La ministre des Relations internationales et de la Francophonie, Christine St-Pierre, a rencontré des jeunes femmes à Dakar au Sénégal lors de la création du bureau de la délégation du Québec à Dakar.

Le Québec occupe une place majeure dans la francophonie

Le Québec occupe une place bien particulière dans la Francophonie. L'expertise des gens et des institutions québécoises est mise à profit partout sur la planète. À l'occasion du mois de la Francophonie, nous faisons un tour d'horizon des gestes bien concrets posés par des Québécois en matière de paix, de démocratie et de droits de l'Homme.
Si le Québec francophone représente à peine 2 % de la population en Amérique du Nord, son poids à l'international est pas mal plus important et sa présence est remarquée. «Nous sommes l'État fédéré qui a le plus d'actions à l'internationale», souligne la ministre québécoise des Relations internationales et de la Francophonie, Christine St-Pierre.
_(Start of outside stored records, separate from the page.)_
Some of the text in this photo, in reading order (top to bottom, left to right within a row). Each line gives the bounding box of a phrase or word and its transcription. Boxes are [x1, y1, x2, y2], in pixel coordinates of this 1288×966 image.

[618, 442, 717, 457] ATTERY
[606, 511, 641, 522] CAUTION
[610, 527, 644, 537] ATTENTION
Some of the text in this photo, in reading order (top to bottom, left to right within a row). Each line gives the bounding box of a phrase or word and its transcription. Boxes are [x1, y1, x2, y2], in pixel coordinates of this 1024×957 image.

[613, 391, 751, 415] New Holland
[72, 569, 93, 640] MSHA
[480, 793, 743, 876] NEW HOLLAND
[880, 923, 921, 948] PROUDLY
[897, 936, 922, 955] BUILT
Rappelant l'importance pour le Québec d'être présent sur la scène internationale francophone, la ministre rappelle que l'endroit le plus important pour la présence du Québec est sans contredit l'Organisation internationale de la francophonie (OIF) qui regroupe une cinquantaine de pays membres et une trentaine de pays observateurs.
«Autour de la table, notre parole a le même poids que celle des autres pays. C'est la seule organisation dans le monde où le Québec a son siège de plein droit, continue Mme St-Pierre, C'est formidable pour le Québec, car nous avons démontré beaucoup de leadership au sein de l'OIF et dans plusieurs autres instances. D'ailleurs, nous sommes très actifs autour de l'organisation des sommets de la francophonie.» 
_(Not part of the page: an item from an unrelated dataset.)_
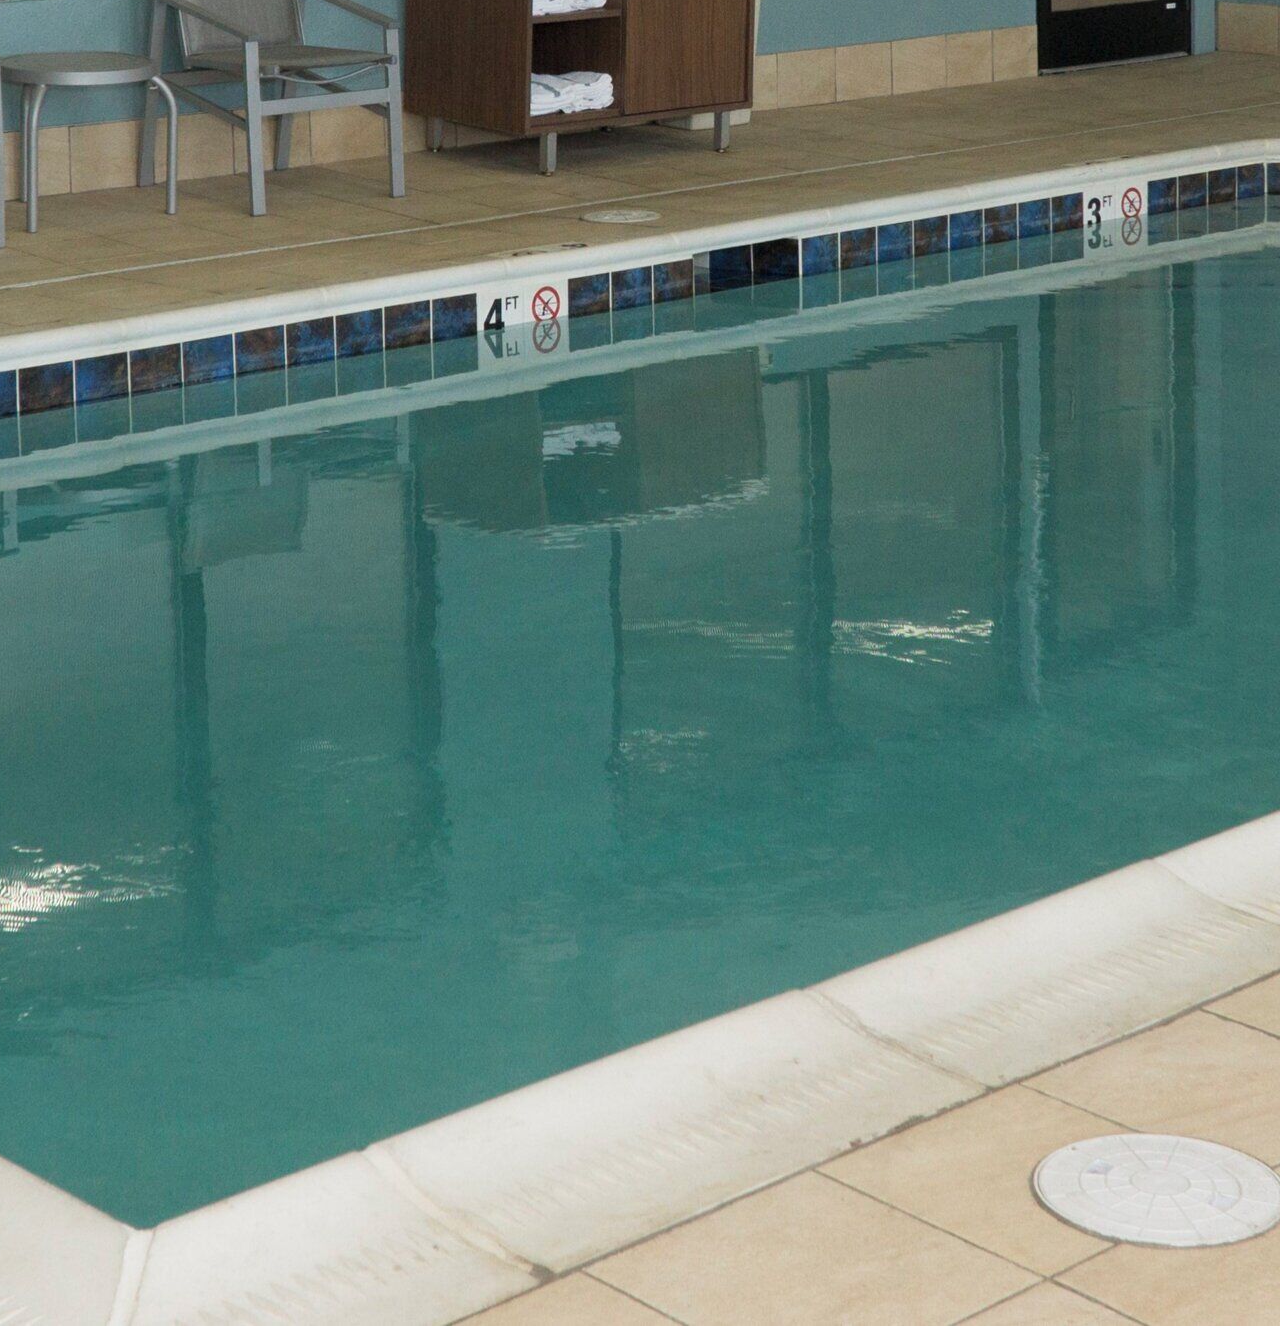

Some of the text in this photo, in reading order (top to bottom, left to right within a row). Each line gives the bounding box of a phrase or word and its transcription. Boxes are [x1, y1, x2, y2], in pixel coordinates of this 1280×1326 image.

[1087, 195, 1113, 227] 3 FT
[483, 295, 519, 331] 4 FT
L'Institut de la Francophonie pour le développement durable, qui relève de l'OIF, a son siège social à Québec. Un plus pour le Québec, insiste la ministre. Elle mentionne aussi la participation de l'Université Laval avec l'observatoire de la statistique de la francophonie. À Montréal, on retrouve aussi le secrétariat de l'Institut de la statistique de l'UNESCO. Le Québec a aussi été l'hôte du Sommet international de la francophonie en 2008 en même temps qu'un grand rassemblement des jeunes de la francophonie pendant le 400e anniversaire de la ville. Québec avait aussi accueilli le sommet en 1987. 
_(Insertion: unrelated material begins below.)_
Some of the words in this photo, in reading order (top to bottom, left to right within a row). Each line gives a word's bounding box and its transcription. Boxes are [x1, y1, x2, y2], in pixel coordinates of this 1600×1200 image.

«Ça démontre à quel point Québec est actif et la pertinence d'être là», souligne-t-elle en ajoutant qu'à la délégation du Québec à Paris il y a un délégué à la francophonie. «Nous voulons apprendre et échanger avec les autres pays francophones, c'est pour cela que nous sommes très actifs. Même dans nos délégations dans d'autres pays, nous avons des actions pour la francophonie que ce soit aux États-Unis ou ailleurs.» Elle note les jumelages entre des écoles québécoises et des écoles américaines où l'on enseigne le français. 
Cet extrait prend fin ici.